Your goal
All lines from the one containing "this 1659×2212 image." to the end of the entries below should be output exactly as they appear. No other lines should be output.

··· Dataset records ···

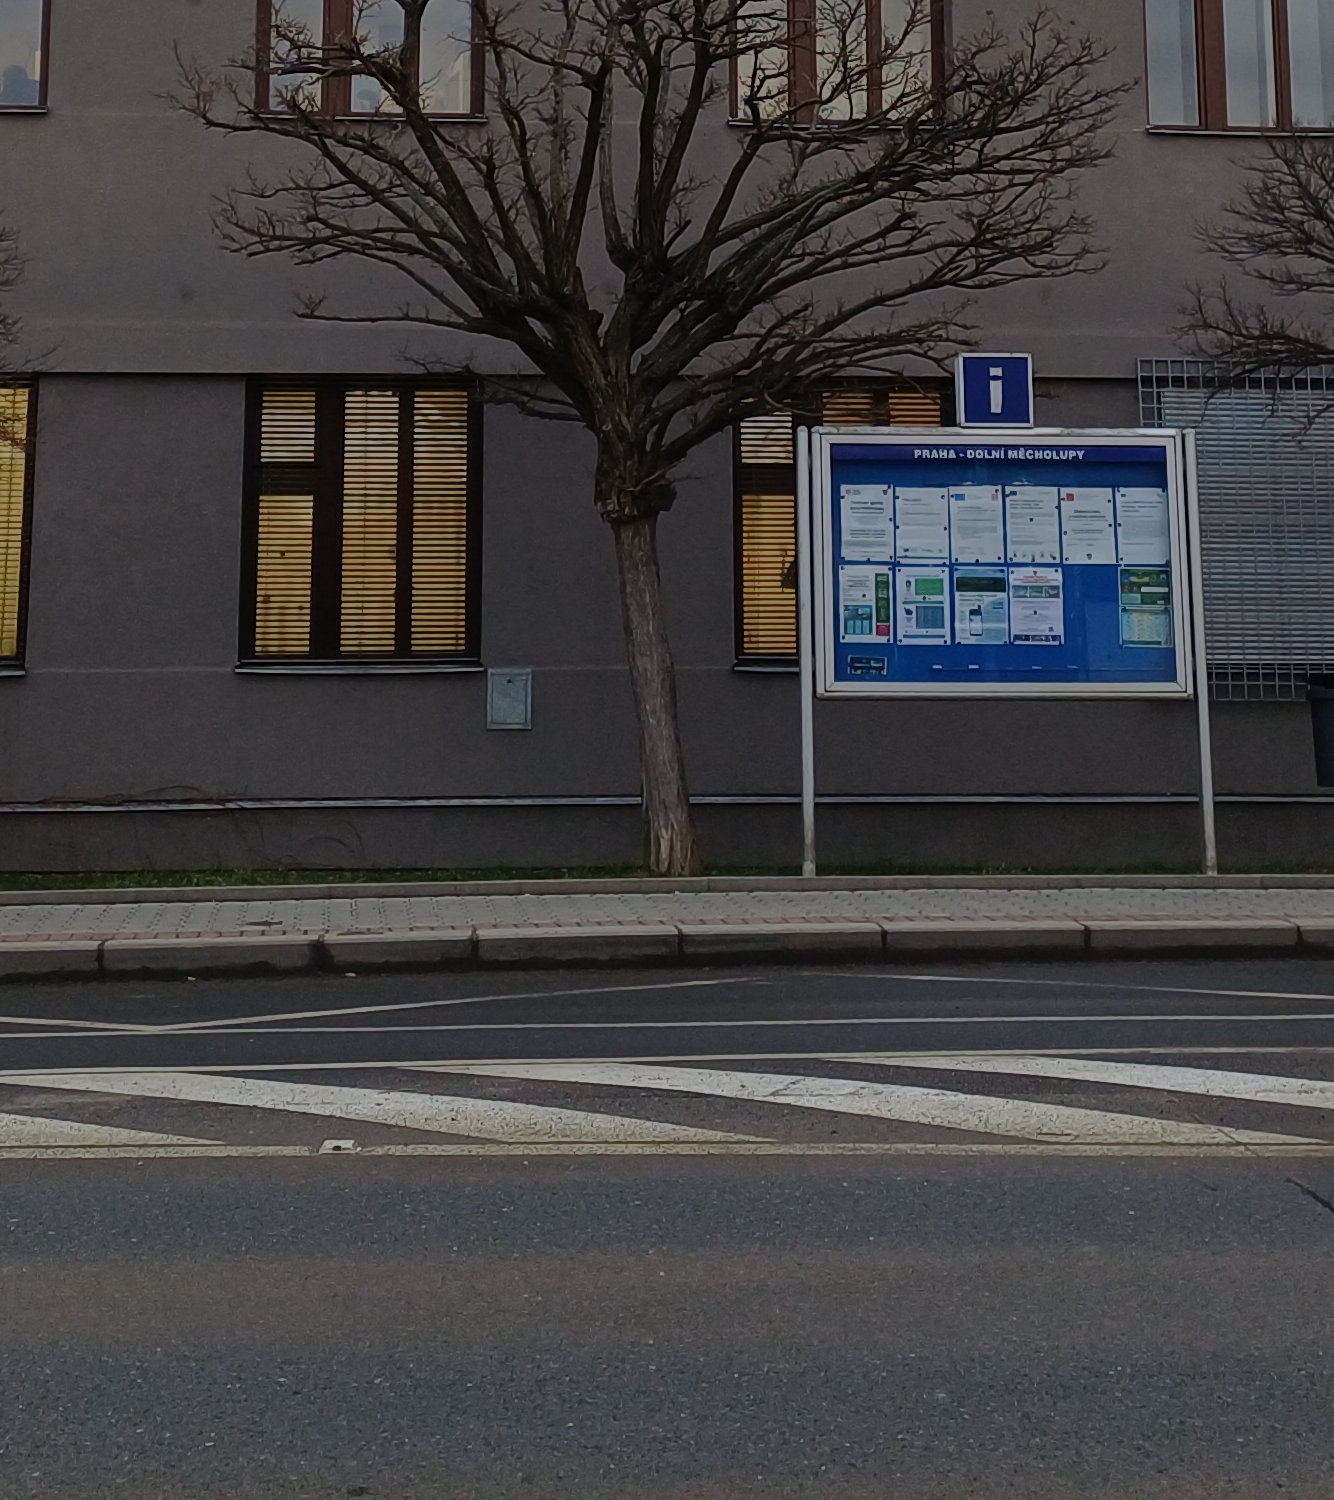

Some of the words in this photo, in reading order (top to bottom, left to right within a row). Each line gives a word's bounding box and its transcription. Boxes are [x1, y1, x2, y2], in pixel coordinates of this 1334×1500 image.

[989, 366, 1003, 414] i
[913, 449, 957, 459] PRAHA
[966, 447, 1005, 460] DOLNÍ
[1007, 447, 1086, 461] MĚCHOLUPY
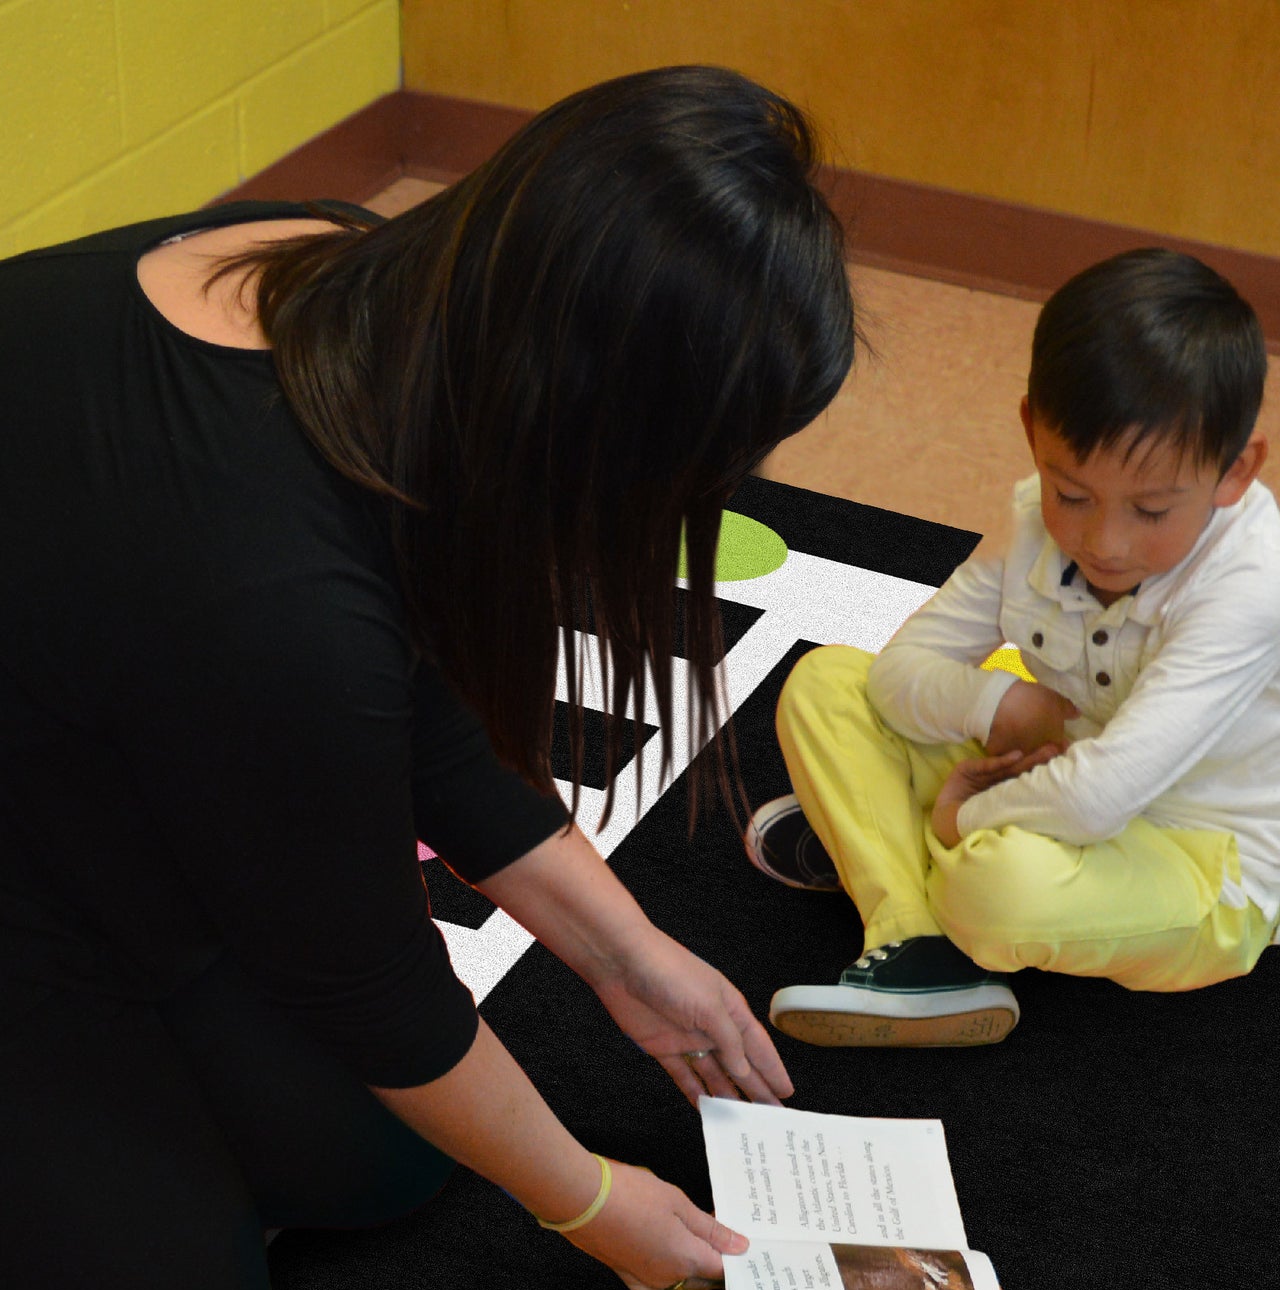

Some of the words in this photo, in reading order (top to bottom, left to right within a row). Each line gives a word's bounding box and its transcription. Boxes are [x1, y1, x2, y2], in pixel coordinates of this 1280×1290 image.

[835, 1163, 847, 1189] Florida
[752, 1204, 761, 1222] They
[828, 1206, 841, 1232] United
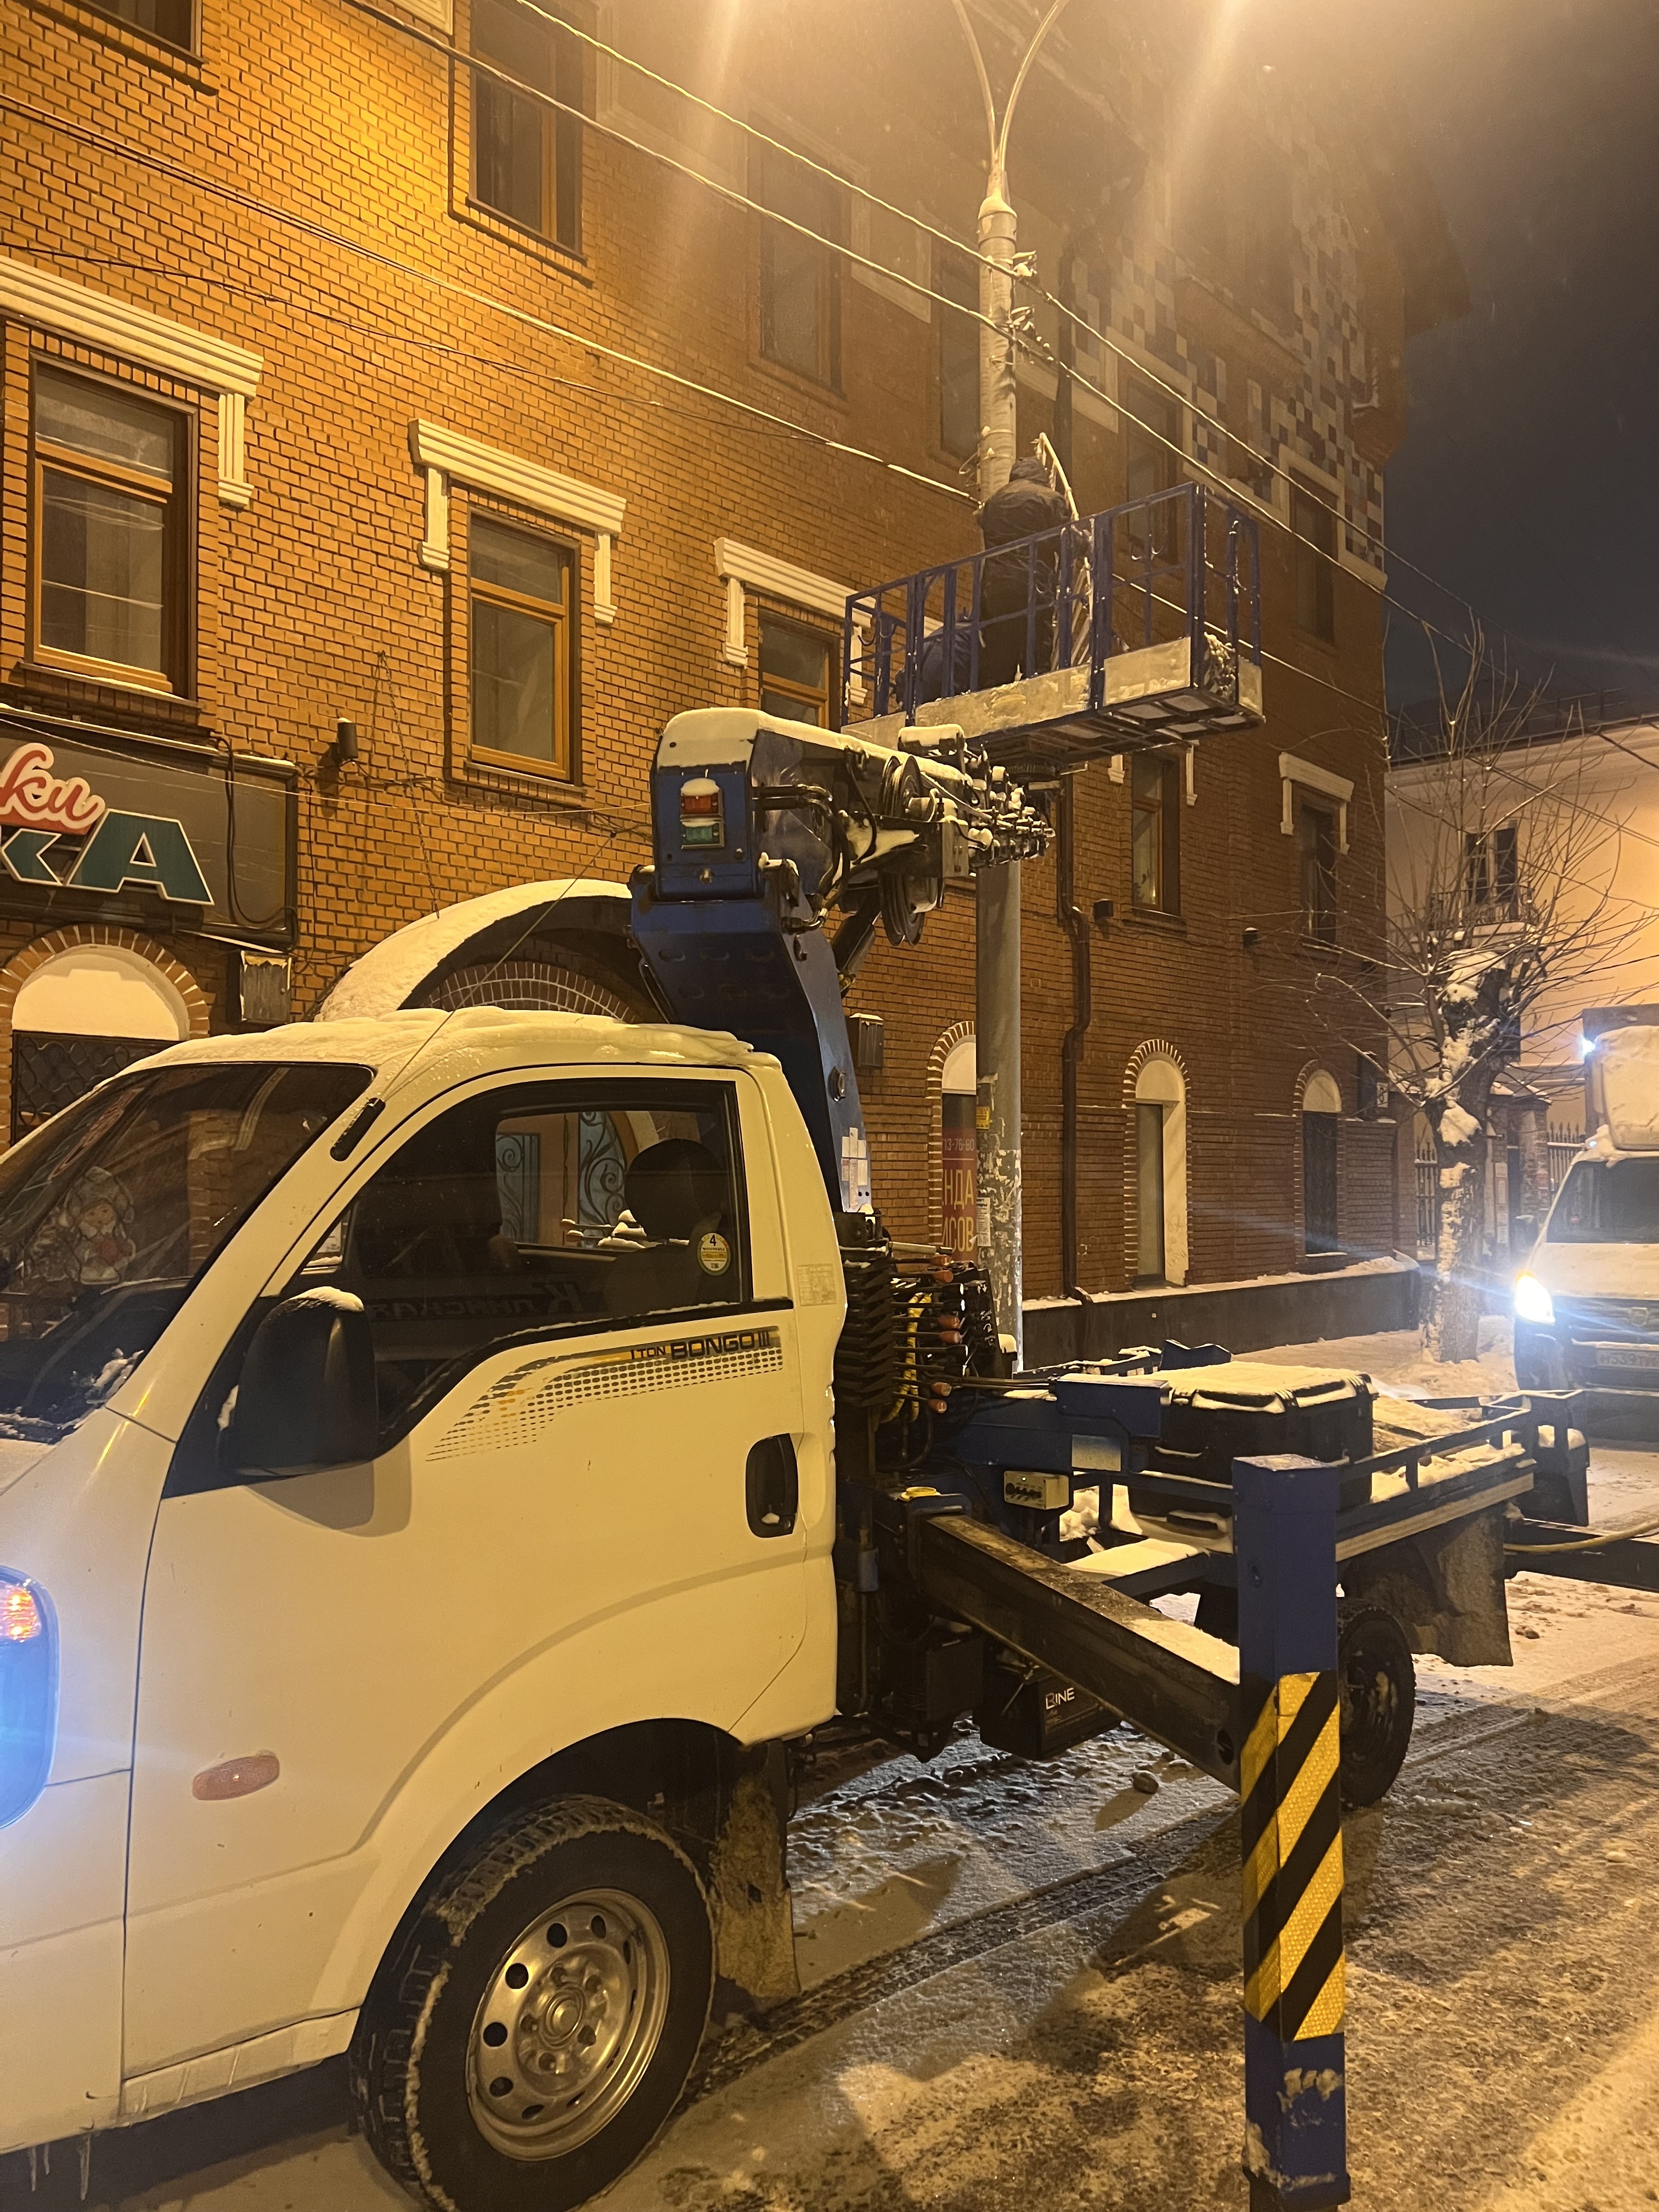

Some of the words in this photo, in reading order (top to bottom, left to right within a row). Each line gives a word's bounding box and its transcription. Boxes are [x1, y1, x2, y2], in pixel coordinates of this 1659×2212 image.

[943, 1138, 974, 1151] 13-76-80
[943, 1169, 974, 1210] НДА
[709, 1234, 716, 1246] 4
[670, 1332, 755, 1359] BONGO

···

Output of the task
Some of the words in this photo, in reading order (top to bottom, left to right within a row). Each line gives a word's bounding box and its transcription. Boxes are [x1, y1, x2, y2], in pixel coordinates of this 1659×2212 image.

[943, 1138, 974, 1151] 13-76-80
[943, 1169, 974, 1210] НДА
[709, 1234, 716, 1246] 4
[670, 1332, 755, 1359] BONGO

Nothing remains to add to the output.